- [WORK TASK]: Could you reproduce, exactly as written, every line from the one containing "Some of the words" through the last line of the records, and nothing else?

•••

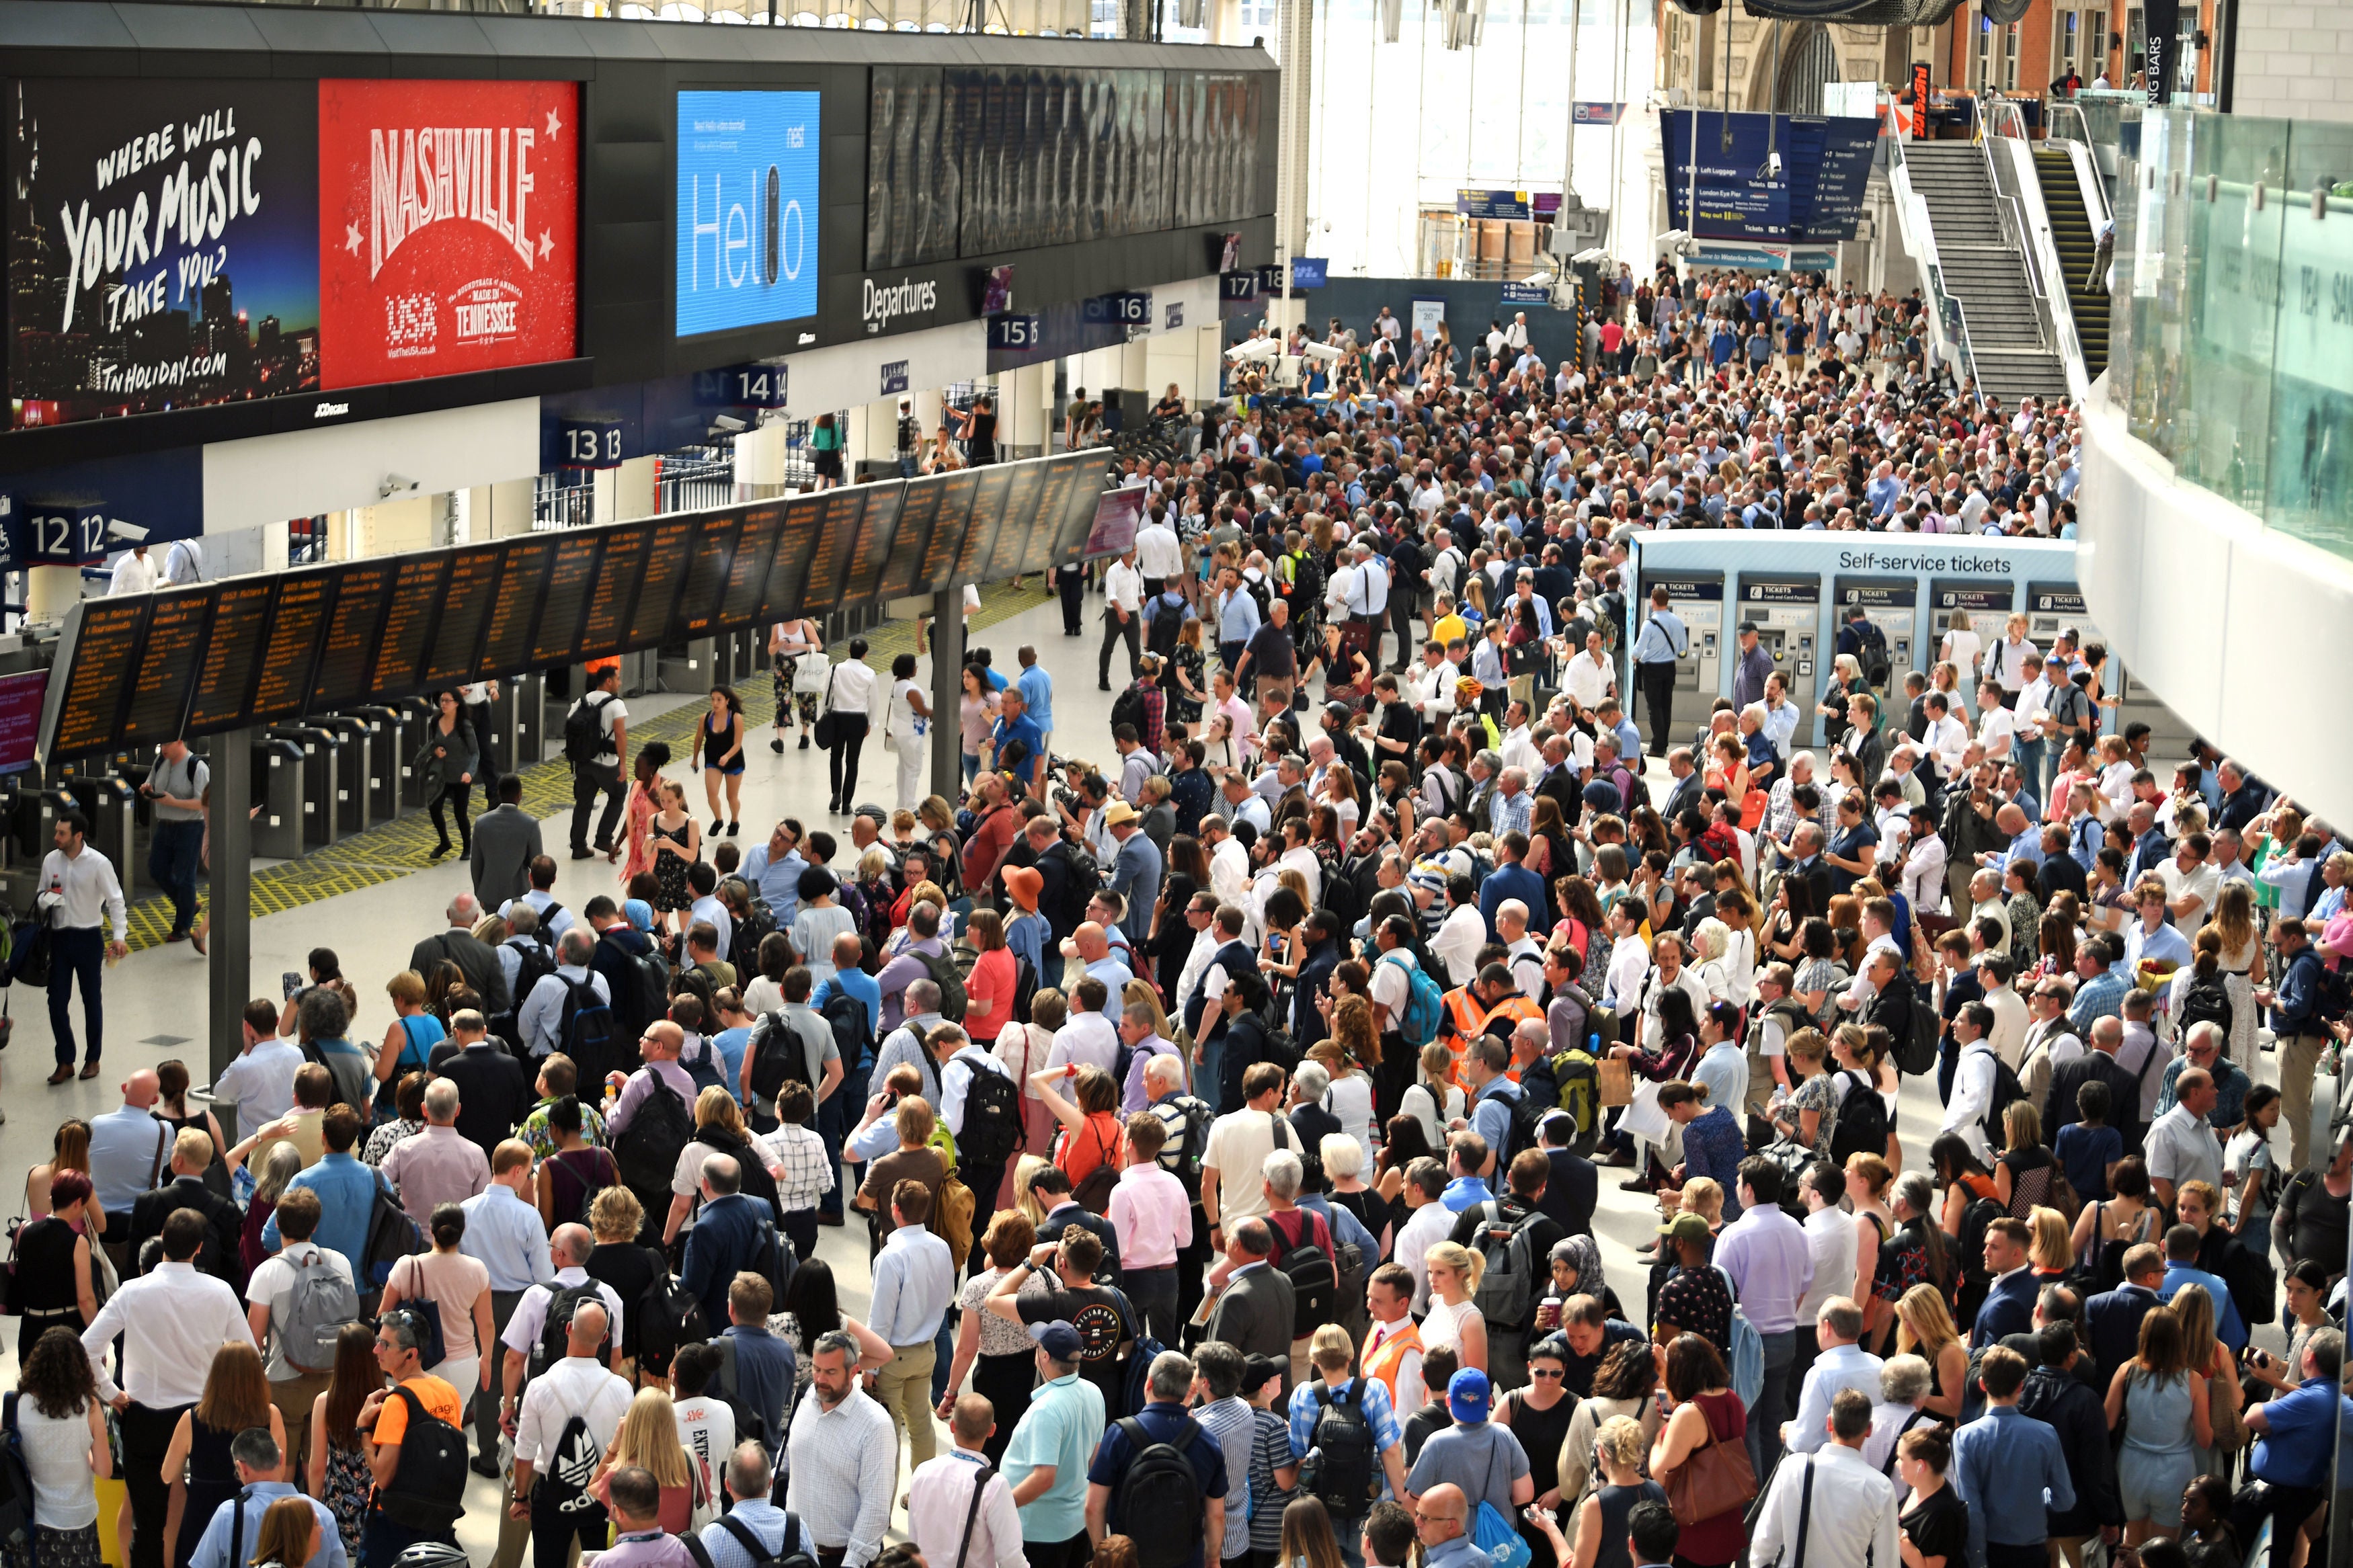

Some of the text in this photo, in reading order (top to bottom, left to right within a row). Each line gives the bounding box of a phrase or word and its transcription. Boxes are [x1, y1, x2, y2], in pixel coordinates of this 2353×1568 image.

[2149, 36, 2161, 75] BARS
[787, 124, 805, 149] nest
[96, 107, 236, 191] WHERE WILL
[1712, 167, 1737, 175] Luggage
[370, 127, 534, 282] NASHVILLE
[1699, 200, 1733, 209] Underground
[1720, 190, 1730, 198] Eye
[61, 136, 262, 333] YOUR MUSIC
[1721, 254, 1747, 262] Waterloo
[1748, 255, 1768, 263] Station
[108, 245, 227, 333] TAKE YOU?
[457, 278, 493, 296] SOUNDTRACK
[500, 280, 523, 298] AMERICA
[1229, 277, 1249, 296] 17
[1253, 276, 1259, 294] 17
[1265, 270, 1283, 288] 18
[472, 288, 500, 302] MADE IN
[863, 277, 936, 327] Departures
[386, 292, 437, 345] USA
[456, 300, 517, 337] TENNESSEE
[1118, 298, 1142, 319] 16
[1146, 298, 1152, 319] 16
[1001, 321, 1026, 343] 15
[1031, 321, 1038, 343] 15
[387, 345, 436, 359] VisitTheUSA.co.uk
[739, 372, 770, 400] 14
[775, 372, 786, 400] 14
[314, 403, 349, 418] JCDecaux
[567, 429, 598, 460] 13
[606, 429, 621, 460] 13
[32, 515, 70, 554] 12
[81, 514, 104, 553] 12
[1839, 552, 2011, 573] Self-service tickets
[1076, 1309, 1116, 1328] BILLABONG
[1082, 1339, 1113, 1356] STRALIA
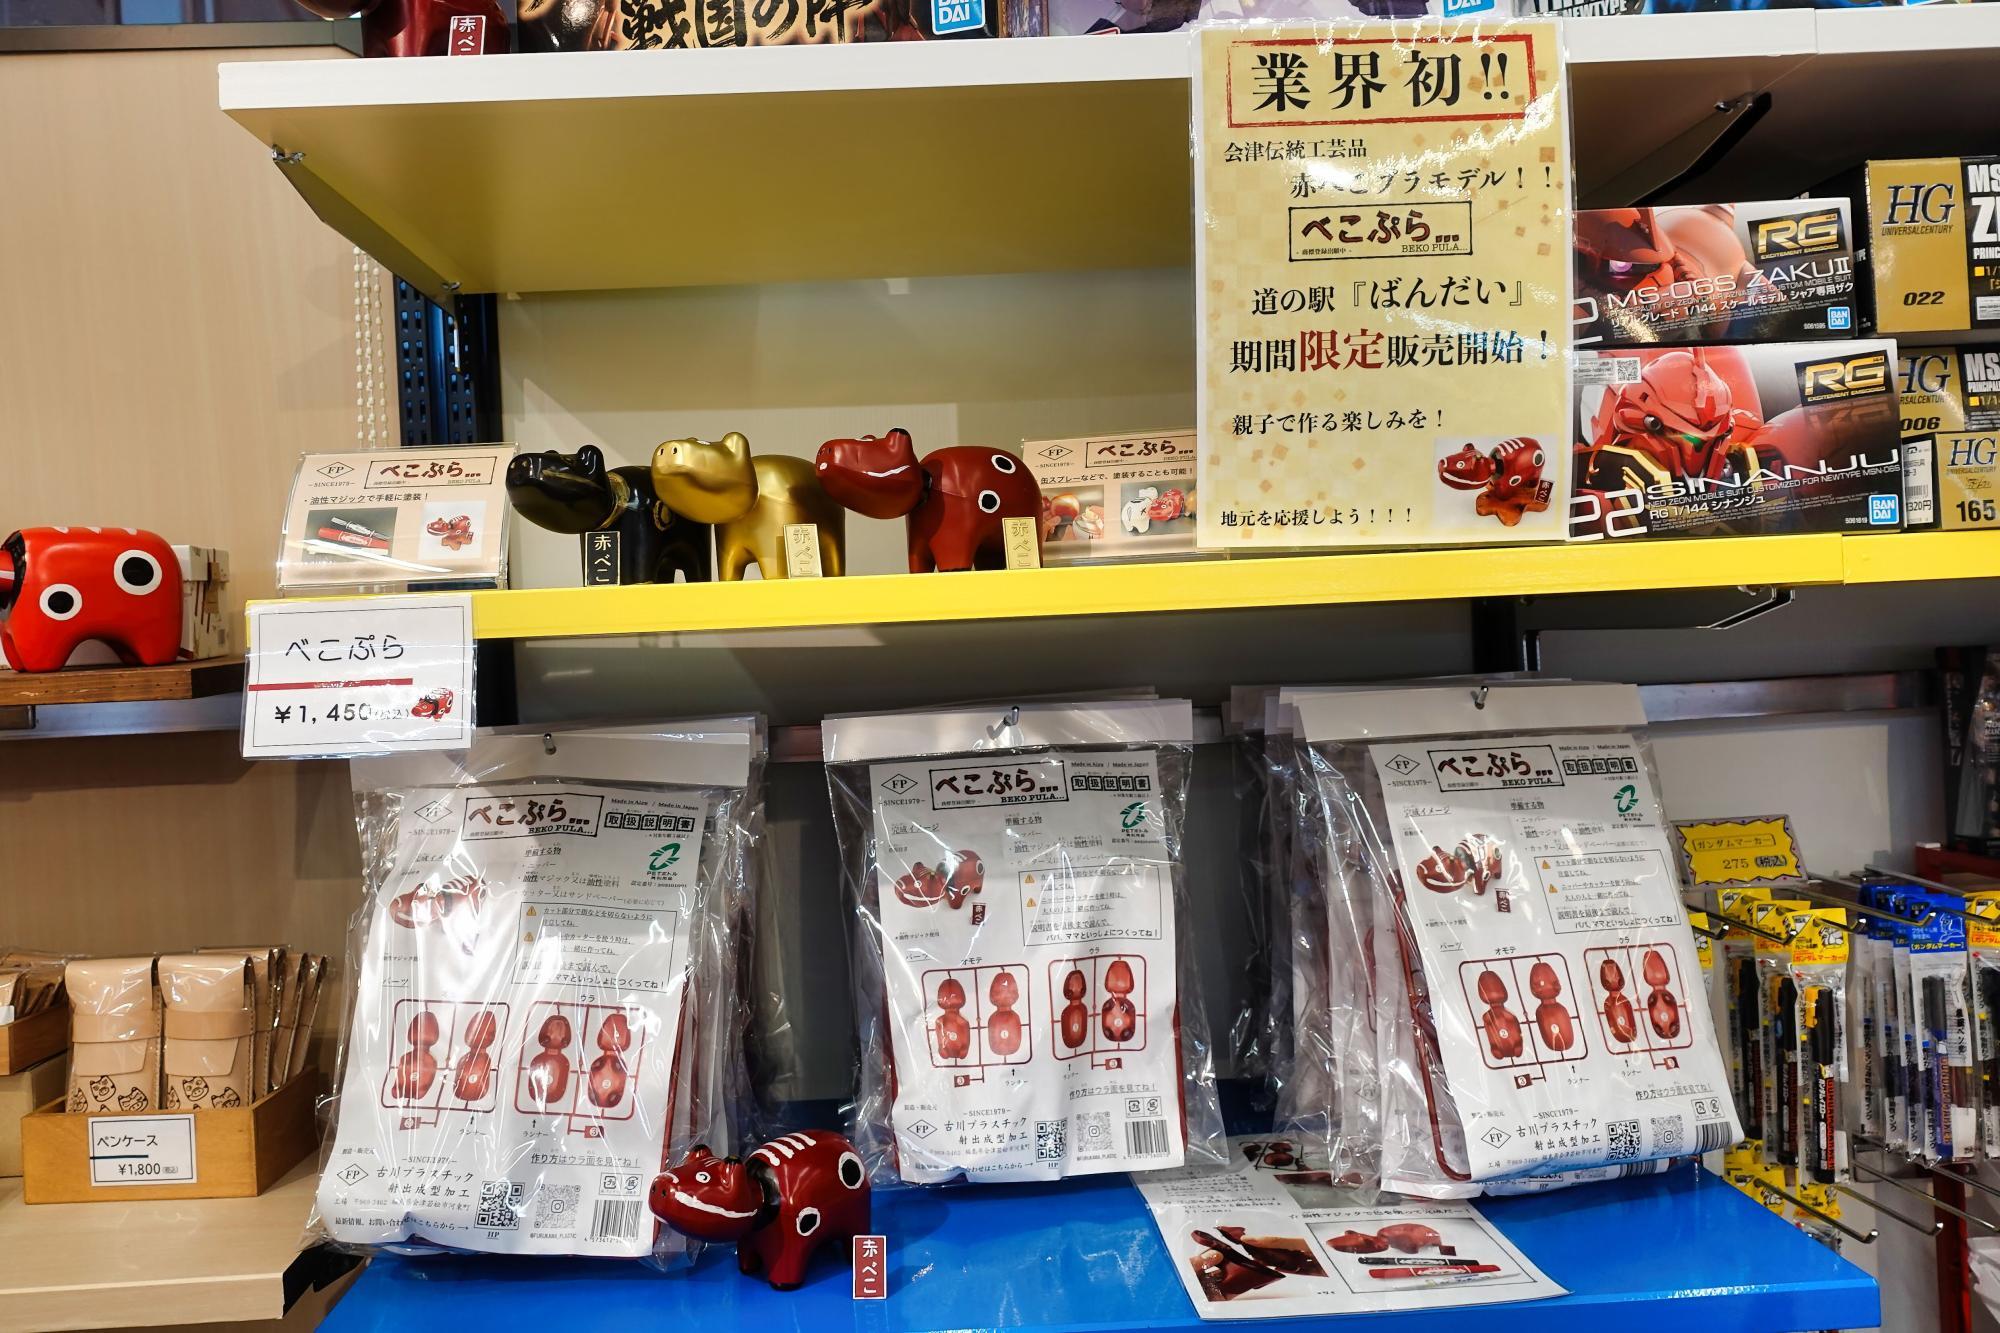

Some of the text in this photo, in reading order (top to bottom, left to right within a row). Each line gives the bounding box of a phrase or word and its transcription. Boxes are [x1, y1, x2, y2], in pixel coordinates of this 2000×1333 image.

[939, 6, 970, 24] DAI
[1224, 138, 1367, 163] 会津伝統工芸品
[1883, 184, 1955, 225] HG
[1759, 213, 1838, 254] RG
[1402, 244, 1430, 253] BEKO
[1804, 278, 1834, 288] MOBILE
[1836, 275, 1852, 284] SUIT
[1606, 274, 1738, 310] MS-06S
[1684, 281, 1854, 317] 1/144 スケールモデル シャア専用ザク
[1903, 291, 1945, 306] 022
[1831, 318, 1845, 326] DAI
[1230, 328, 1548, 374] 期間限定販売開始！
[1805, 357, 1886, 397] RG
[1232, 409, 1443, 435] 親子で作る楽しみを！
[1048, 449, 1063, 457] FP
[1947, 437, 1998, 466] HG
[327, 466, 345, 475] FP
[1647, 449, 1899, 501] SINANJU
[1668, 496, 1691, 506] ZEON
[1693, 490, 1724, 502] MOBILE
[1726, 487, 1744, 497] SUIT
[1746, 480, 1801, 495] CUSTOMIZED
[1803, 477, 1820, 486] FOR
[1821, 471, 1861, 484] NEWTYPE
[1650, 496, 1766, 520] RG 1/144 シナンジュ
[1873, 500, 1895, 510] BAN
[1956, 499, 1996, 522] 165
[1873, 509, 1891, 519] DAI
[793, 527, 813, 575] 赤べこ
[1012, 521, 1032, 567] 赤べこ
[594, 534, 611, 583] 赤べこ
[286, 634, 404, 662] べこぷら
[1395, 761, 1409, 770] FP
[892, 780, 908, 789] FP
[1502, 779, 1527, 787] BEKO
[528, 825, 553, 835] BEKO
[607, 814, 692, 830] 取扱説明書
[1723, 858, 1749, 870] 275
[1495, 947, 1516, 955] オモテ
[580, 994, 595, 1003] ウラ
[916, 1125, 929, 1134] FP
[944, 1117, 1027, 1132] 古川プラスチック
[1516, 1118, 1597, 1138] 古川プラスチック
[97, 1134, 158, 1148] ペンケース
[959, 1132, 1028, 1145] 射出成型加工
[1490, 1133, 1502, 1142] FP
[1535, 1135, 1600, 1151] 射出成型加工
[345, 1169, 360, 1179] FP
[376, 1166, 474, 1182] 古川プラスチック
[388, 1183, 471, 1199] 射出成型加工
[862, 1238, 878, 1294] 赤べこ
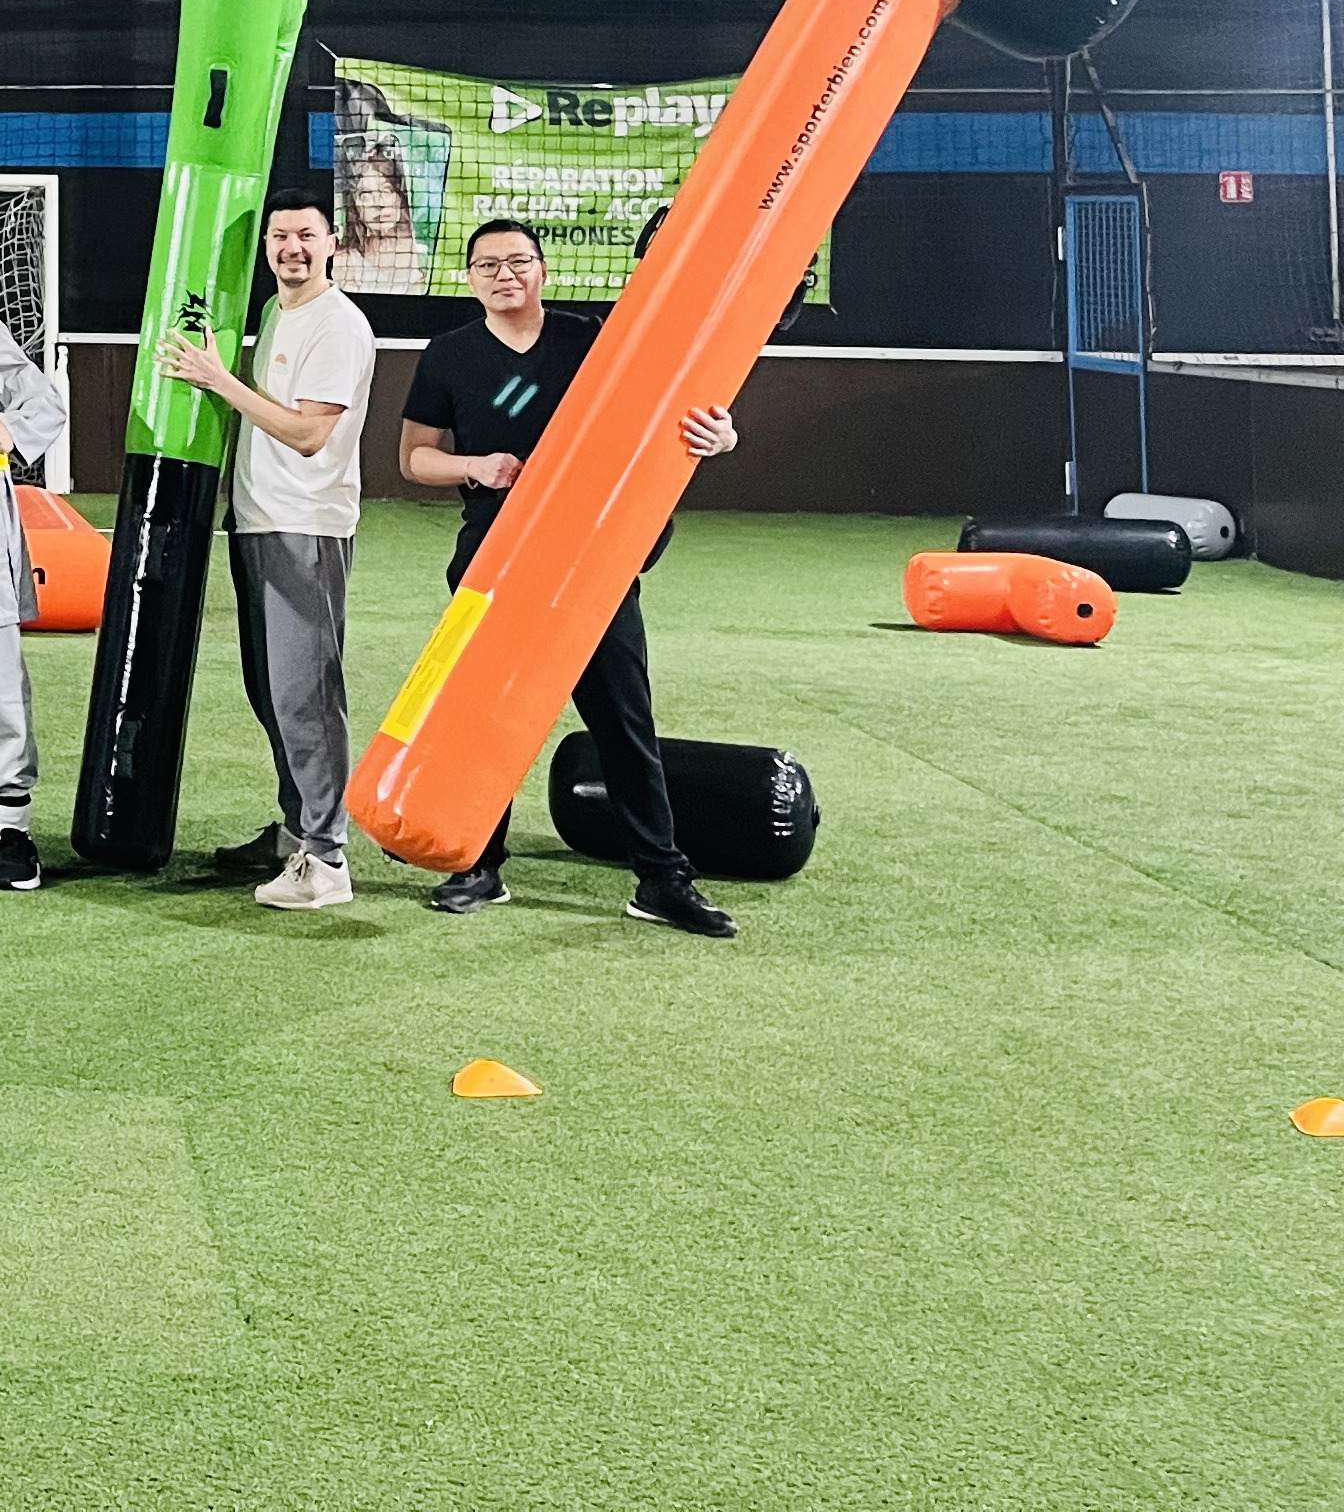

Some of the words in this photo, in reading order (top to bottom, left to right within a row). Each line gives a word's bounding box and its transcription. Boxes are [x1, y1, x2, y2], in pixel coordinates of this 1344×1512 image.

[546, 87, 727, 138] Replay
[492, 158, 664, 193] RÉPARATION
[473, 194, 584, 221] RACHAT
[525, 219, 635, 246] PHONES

•••

- [TASK SOLUTION]:
Some of the words in this photo, in reading order (top to bottom, left to right within a row). Each line gives a word's bounding box and its transcription. Boxes are [x1, y1, x2, y2], in pixel coordinates of this 1344×1512 image.

[546, 87, 727, 138] Replay
[492, 158, 664, 193] RÉPARATION
[473, 194, 584, 221] RACHAT
[525, 219, 635, 246] PHONES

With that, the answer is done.